■ WHAT NEEDS TO BE DONE
Every record should be restated exactly, with no images included.

- Opening Delimiter -

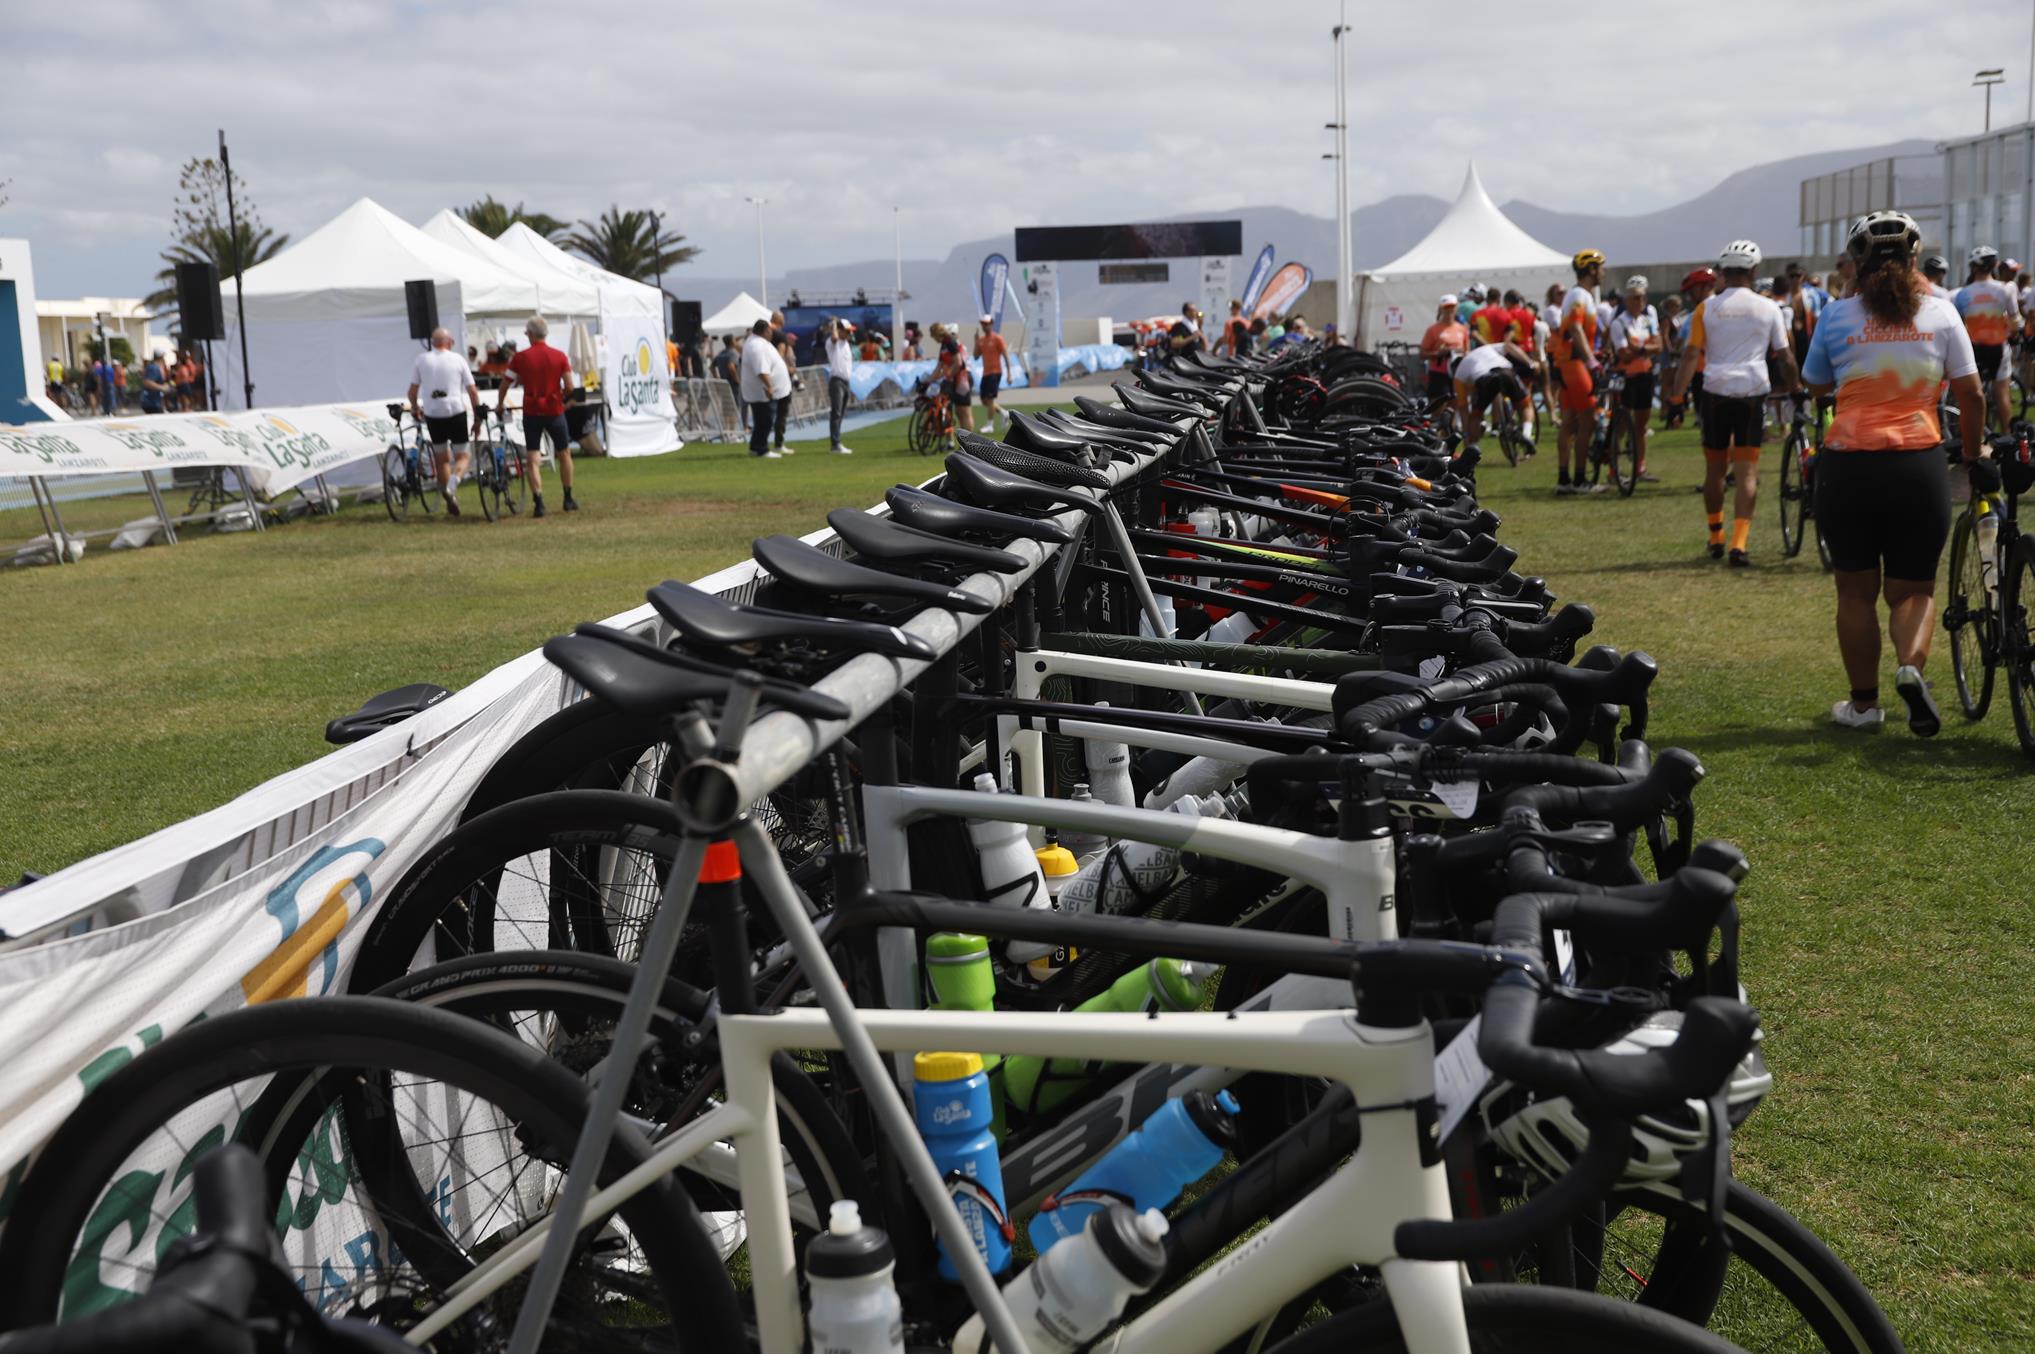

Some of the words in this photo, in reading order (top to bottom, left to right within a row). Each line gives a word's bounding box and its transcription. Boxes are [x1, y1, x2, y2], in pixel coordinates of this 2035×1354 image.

[621, 354, 638, 377] Club
[1278, 574, 1350, 596] PINARELLO
[410, 975, 459, 995] GRAND
[461, 966, 497, 981] PRIX
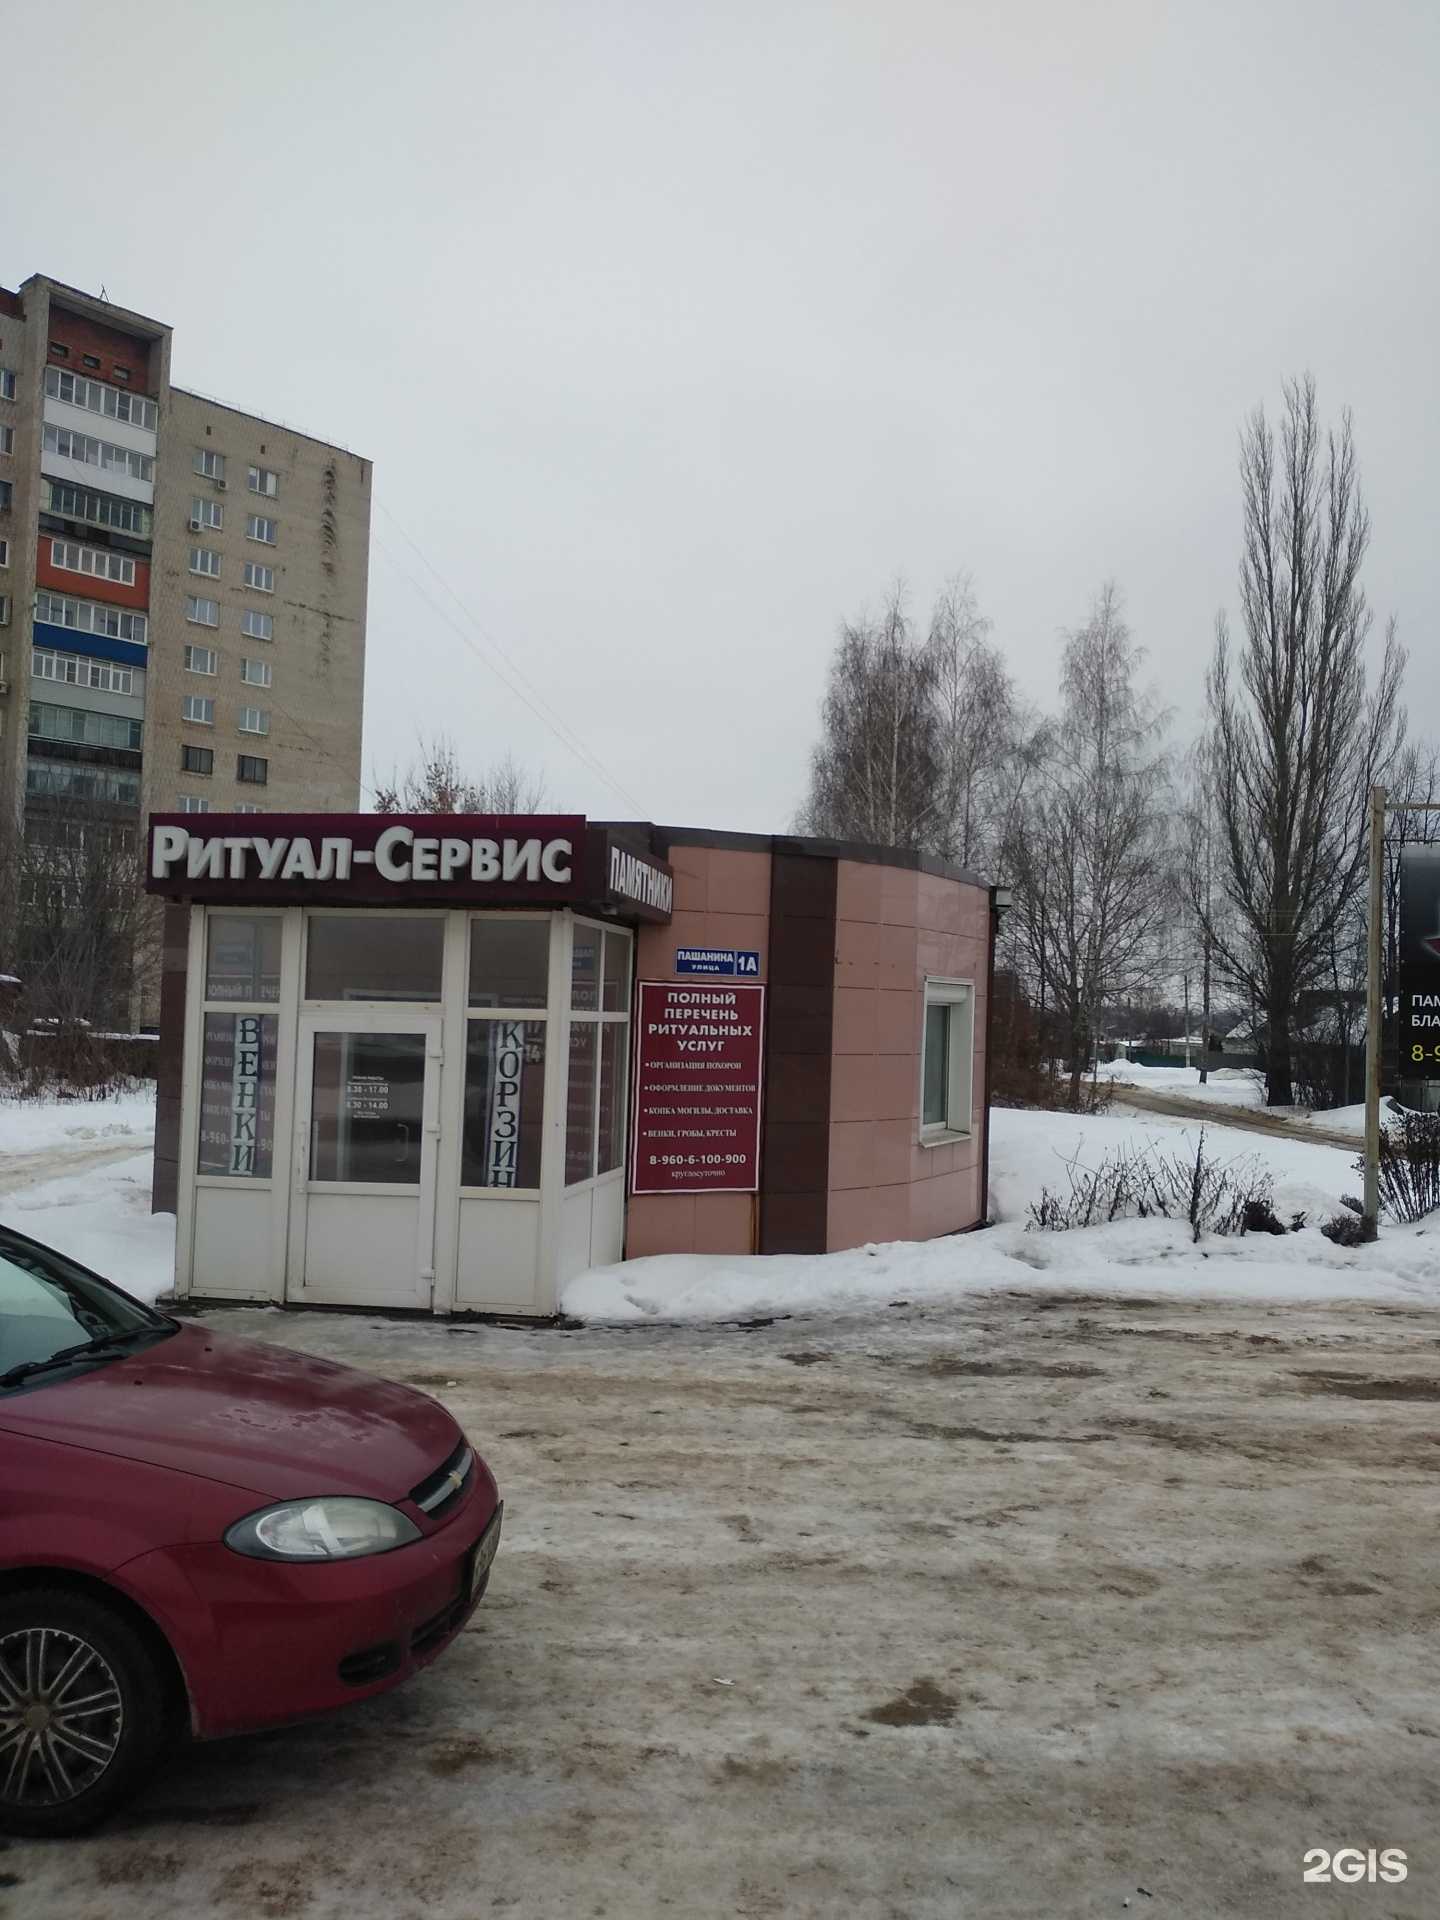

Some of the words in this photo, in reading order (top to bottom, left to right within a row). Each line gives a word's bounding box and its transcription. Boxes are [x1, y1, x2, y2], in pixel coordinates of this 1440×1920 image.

[610, 846, 673, 914] ПАМЯТНИКИ
[677, 951, 734, 962] ПАШАНИНА
[667, 992, 736, 1005] ПОЛНЫЙ
[664, 1008, 739, 1020] ПЕРЕЧЕНЬ
[648, 1023, 753, 1036] РИТУАЛЬНЫХ
[677, 1040, 725, 1051] УСЛУГ
[704, 1084, 756, 1092] ДОКУМЕНТОВ
[232, 1018, 259, 1172] ВЕНКИ
[648, 1107, 676, 1115] КОПКА
[714, 1107, 753, 1115] ДОСТАВКА
[706, 1129, 737, 1137] КРЕСТЫ
[649, 1154, 746, 1165] 8-960-6-100-900

- Closing Delimiter -

■ TASK ANSWER
Some of the words in this photo, in reading order (top to bottom, left to right within a row). Each line gives a word's bounding box and its transcription. Boxes are [x1, y1, x2, y2], in pixel coordinates of this 2035×1354 image.

[621, 354, 638, 377] Club
[1278, 574, 1350, 596] PINARELLO
[410, 975, 459, 995] GRAND
[461, 966, 497, 981] PRIX

Some of the words in this photo, in reading order (top to bottom, left to right within a row). Each line gives a word's bounding box and its transcription. Boxes are [x1, y1, x2, y2], in pixel coordinates of this 1440×1920 image.

[610, 846, 673, 914] ПАМЯТНИКИ
[677, 951, 734, 962] ПАШАНИНА
[667, 992, 736, 1005] ПОЛНЫЙ
[664, 1008, 739, 1020] ПЕРЕЧЕНЬ
[648, 1023, 753, 1036] РИТУАЛЬНЫХ
[677, 1040, 725, 1051] УСЛУГ
[704, 1084, 756, 1092] ДОКУМЕНТОВ
[232, 1018, 259, 1172] ВЕНКИ
[648, 1107, 676, 1115] КОПКА
[714, 1107, 753, 1115] ДОСТАВКА
[706, 1129, 737, 1137] КРЕСТЫ
[649, 1154, 746, 1165] 8-960-6-100-900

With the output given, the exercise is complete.